▸ WORK INSTRUCTION
When copying the entries below, leave out every picture and keep the rest exact.

▸ Text-to-region grounding data
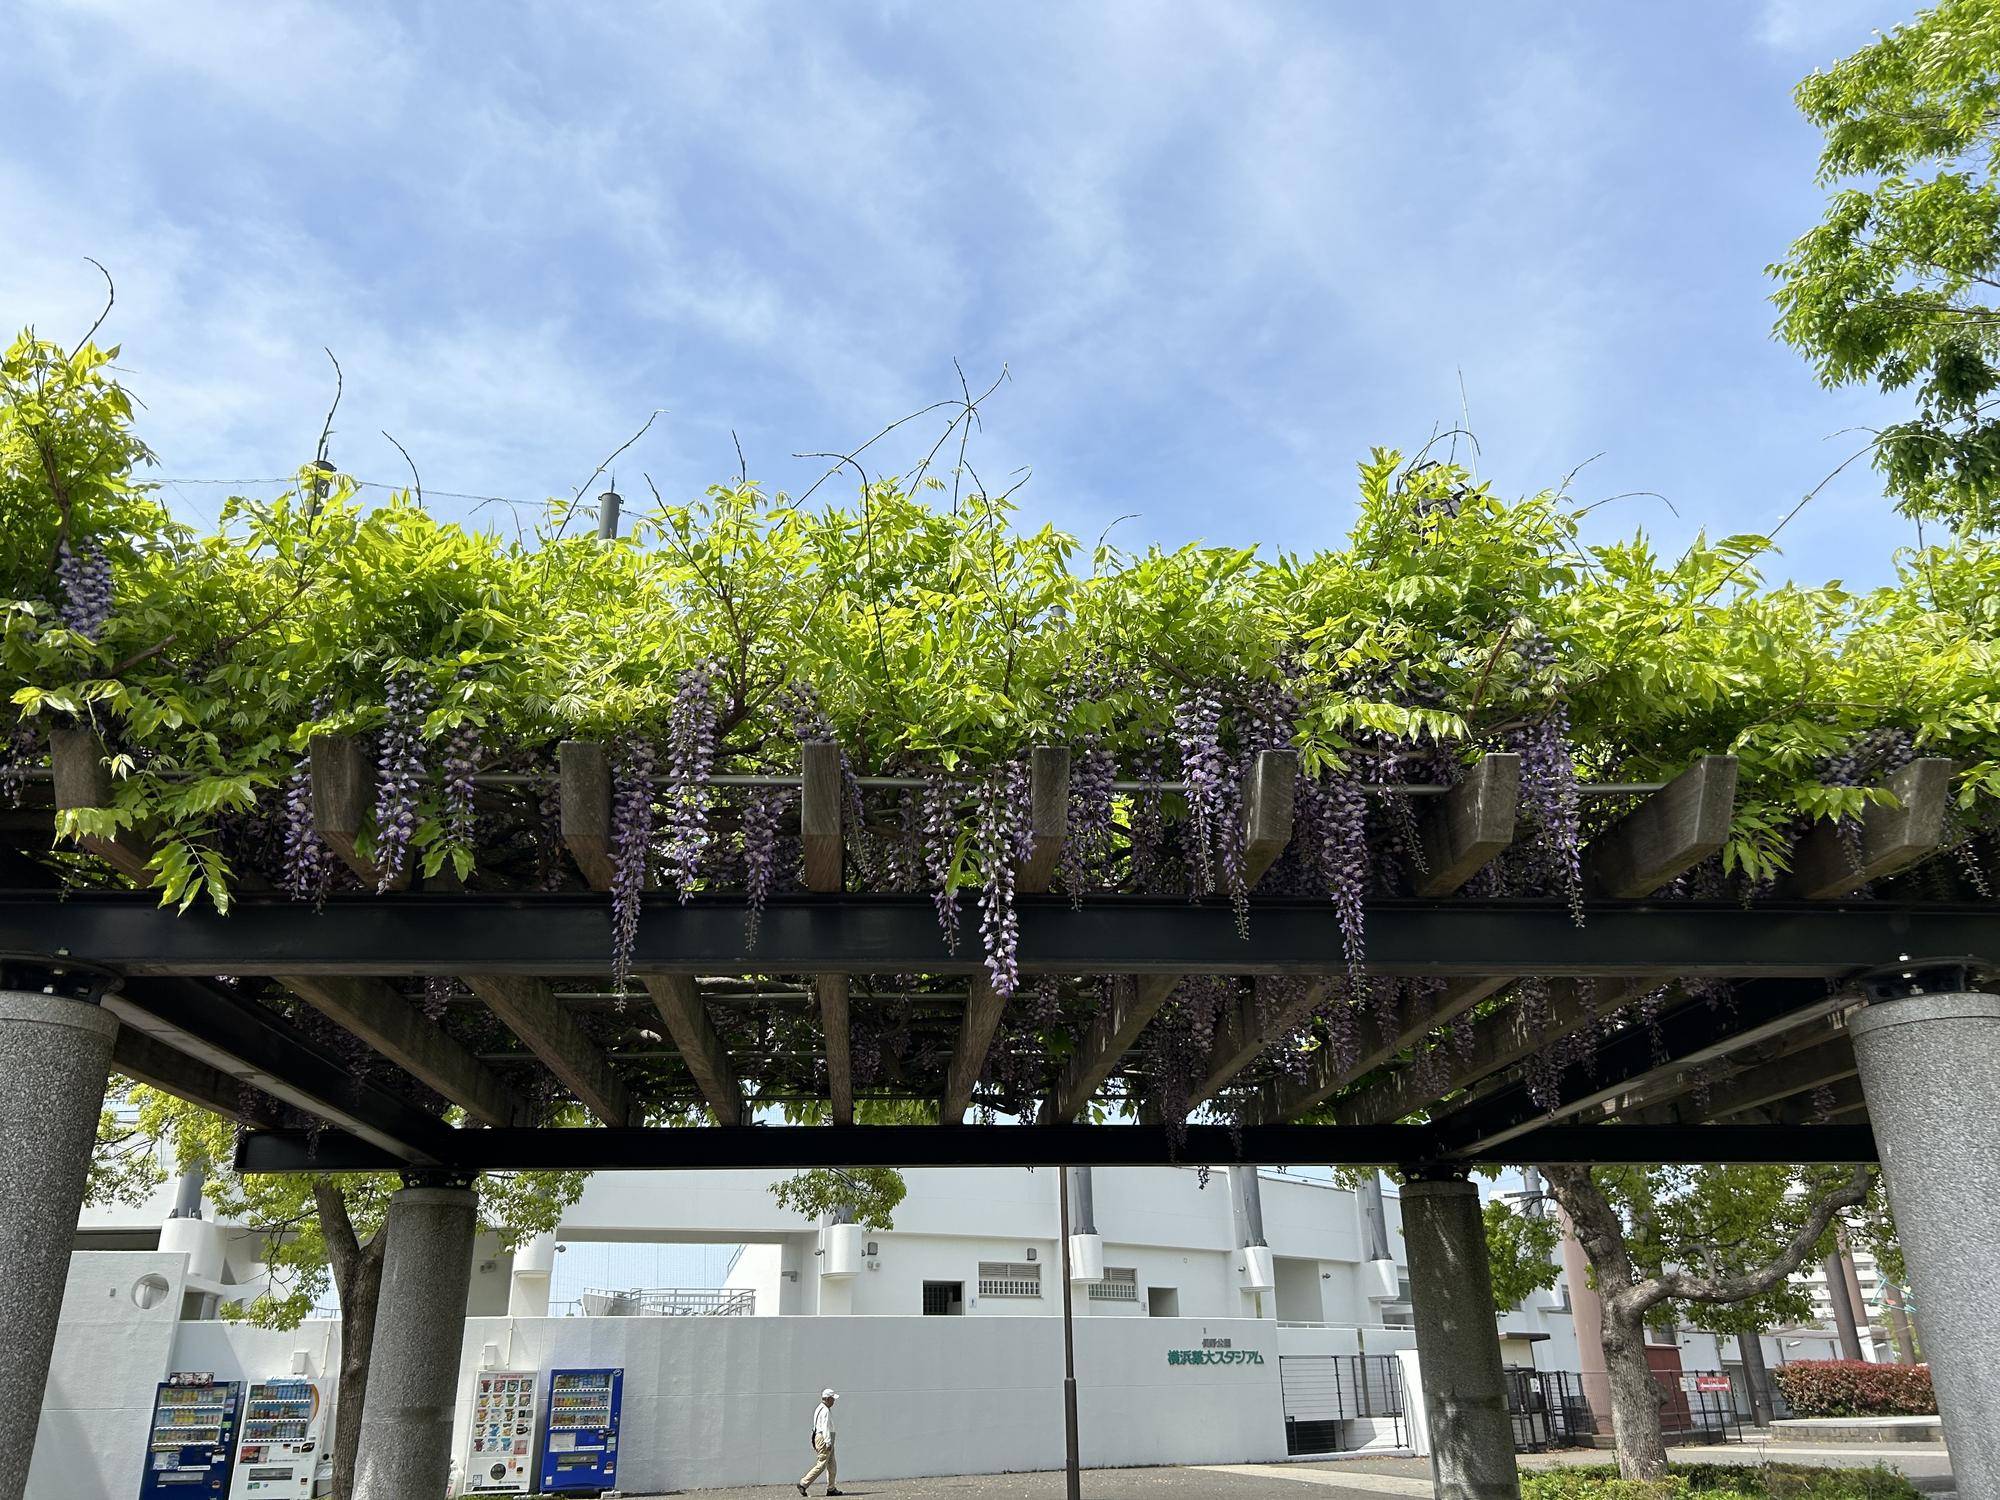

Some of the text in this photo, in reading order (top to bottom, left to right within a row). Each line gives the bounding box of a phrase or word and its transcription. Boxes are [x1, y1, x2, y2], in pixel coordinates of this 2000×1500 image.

[1168, 1350, 1264, 1365] 横浜薬大スタジアム
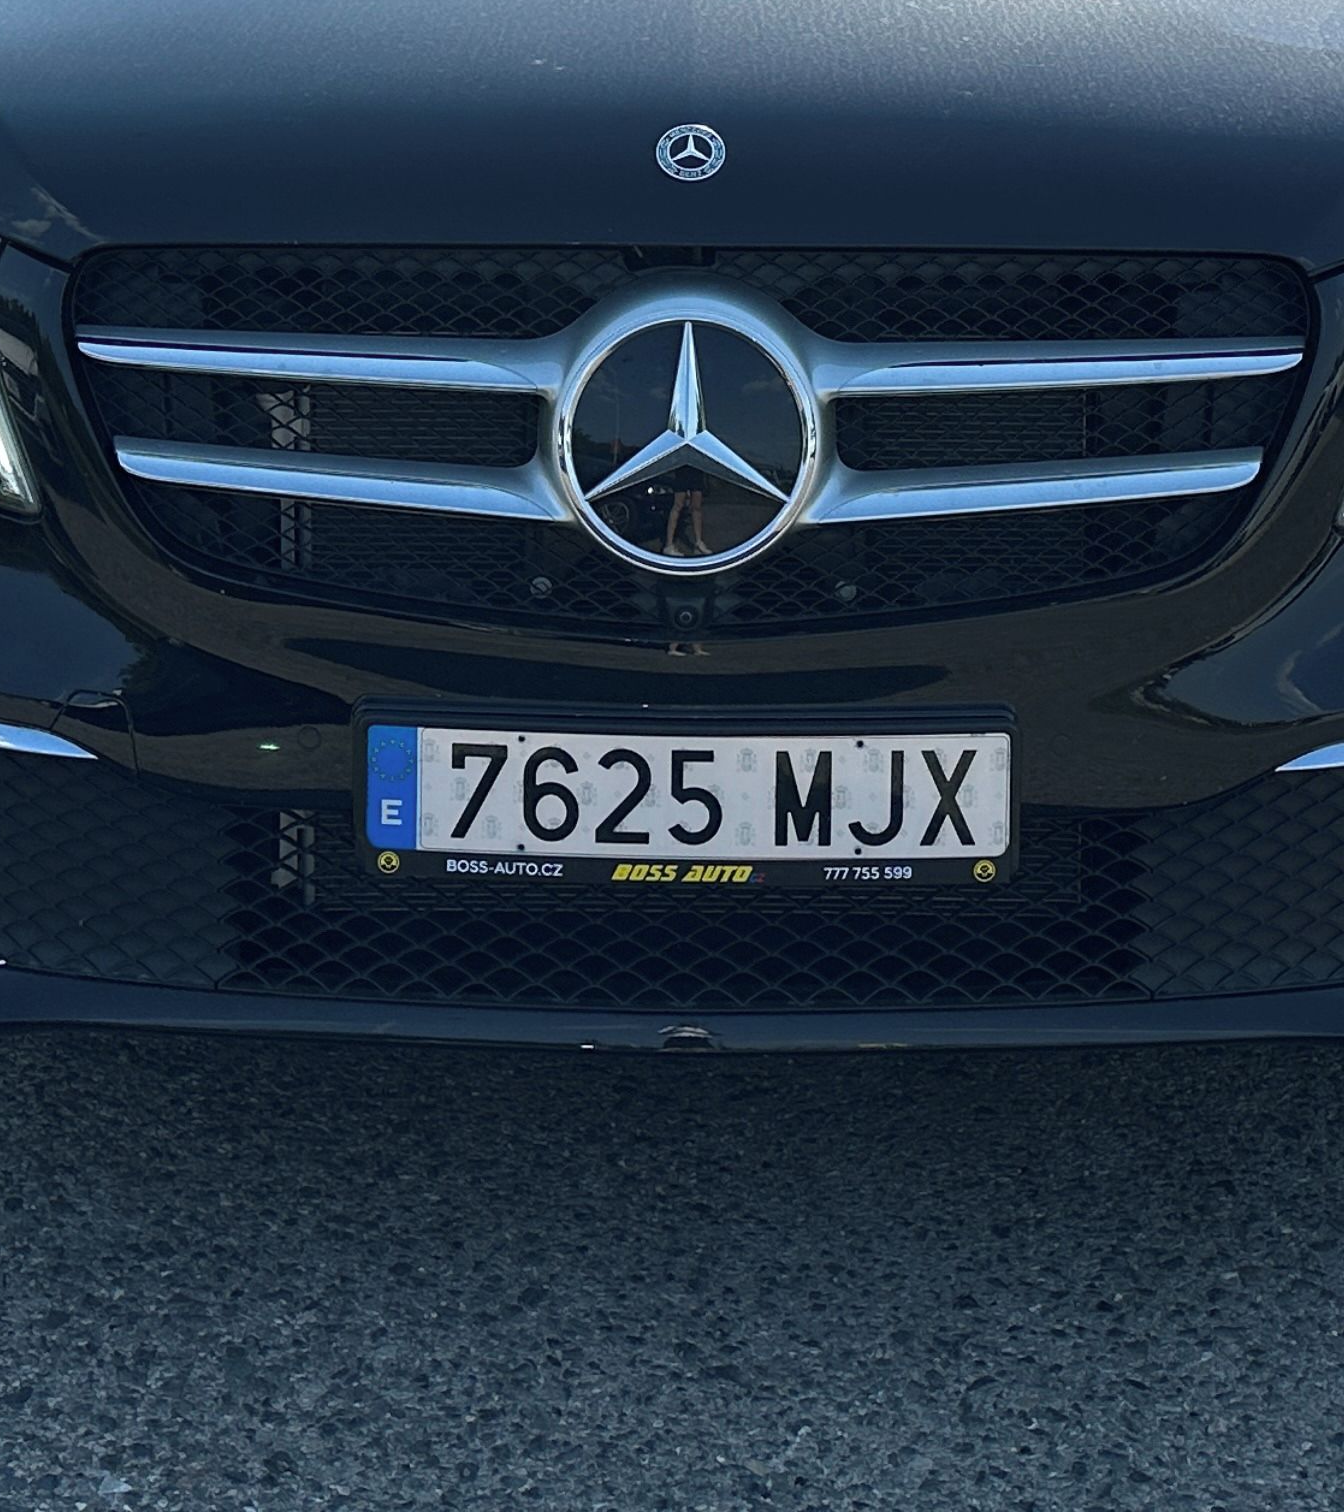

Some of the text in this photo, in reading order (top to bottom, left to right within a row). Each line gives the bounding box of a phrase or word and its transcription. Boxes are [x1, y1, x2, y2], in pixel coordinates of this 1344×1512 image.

[450, 742, 977, 847] 7625 MJX
[381, 799, 403, 826] E
[445, 858, 564, 877] BOSS-AUTO.CZ
[611, 863, 678, 882] BOSS
[681, 864, 753, 883] AUTO
[823, 865, 913, 880] 777 755 599
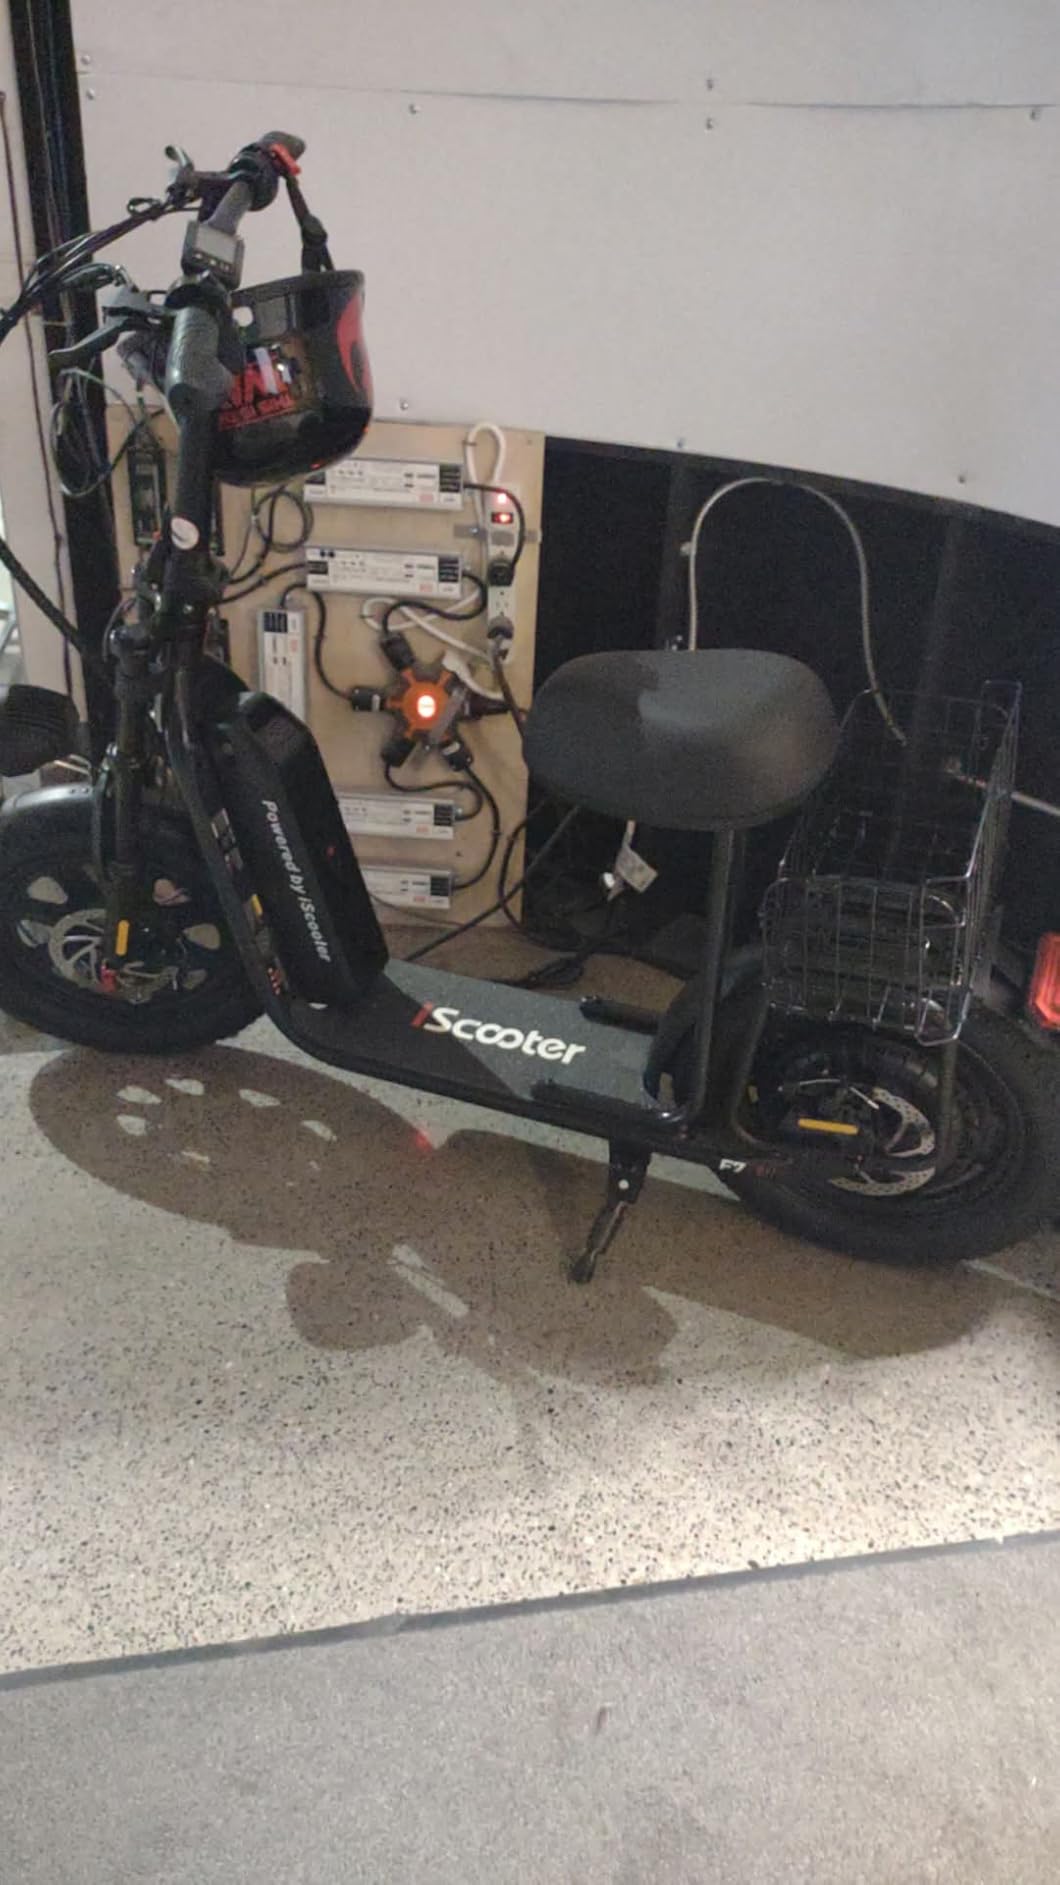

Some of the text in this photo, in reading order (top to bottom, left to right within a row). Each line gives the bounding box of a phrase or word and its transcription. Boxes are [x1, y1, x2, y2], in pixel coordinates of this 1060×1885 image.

[261, 800, 331, 963] Powered by iScooter
[410, 1001, 587, 1065] iScooter
[718, 1158, 747, 1173] F7

▸ ANSWER FOR THIS EXERCISE
Some of the text in this photo, in reading order (top to bottom, left to right within a row). Each line gives the bounding box of a phrase or word and its transcription. Boxes are [x1, y1, x2, y2], in pixel coordinates of this 2000×1500 image.

[1168, 1350, 1264, 1365] 横浜薬大スタジアム

Some of the text in this photo, in reading order (top to bottom, left to right within a row). Each line gives the bounding box of a phrase or word and its transcription. Boxes are [x1, y1, x2, y2], in pixel coordinates of this 1344×1512 image.

[450, 742, 977, 847] 7625 MJX
[381, 799, 403, 826] E
[445, 858, 564, 877] BOSS-AUTO.CZ
[611, 863, 678, 882] BOSS
[681, 864, 753, 883] AUTO
[823, 865, 913, 880] 777 755 599

Some of the text in this photo, in reading order (top to bottom, left to right within a row). Each line gives the bounding box of a phrase or word and its transcription. Boxes are [x1, y1, x2, y2], in pixel coordinates of this 1060×1885 image.

[261, 800, 331, 963] Powered by iScooter
[410, 1001, 587, 1065] iScooter
[718, 1158, 747, 1173] F7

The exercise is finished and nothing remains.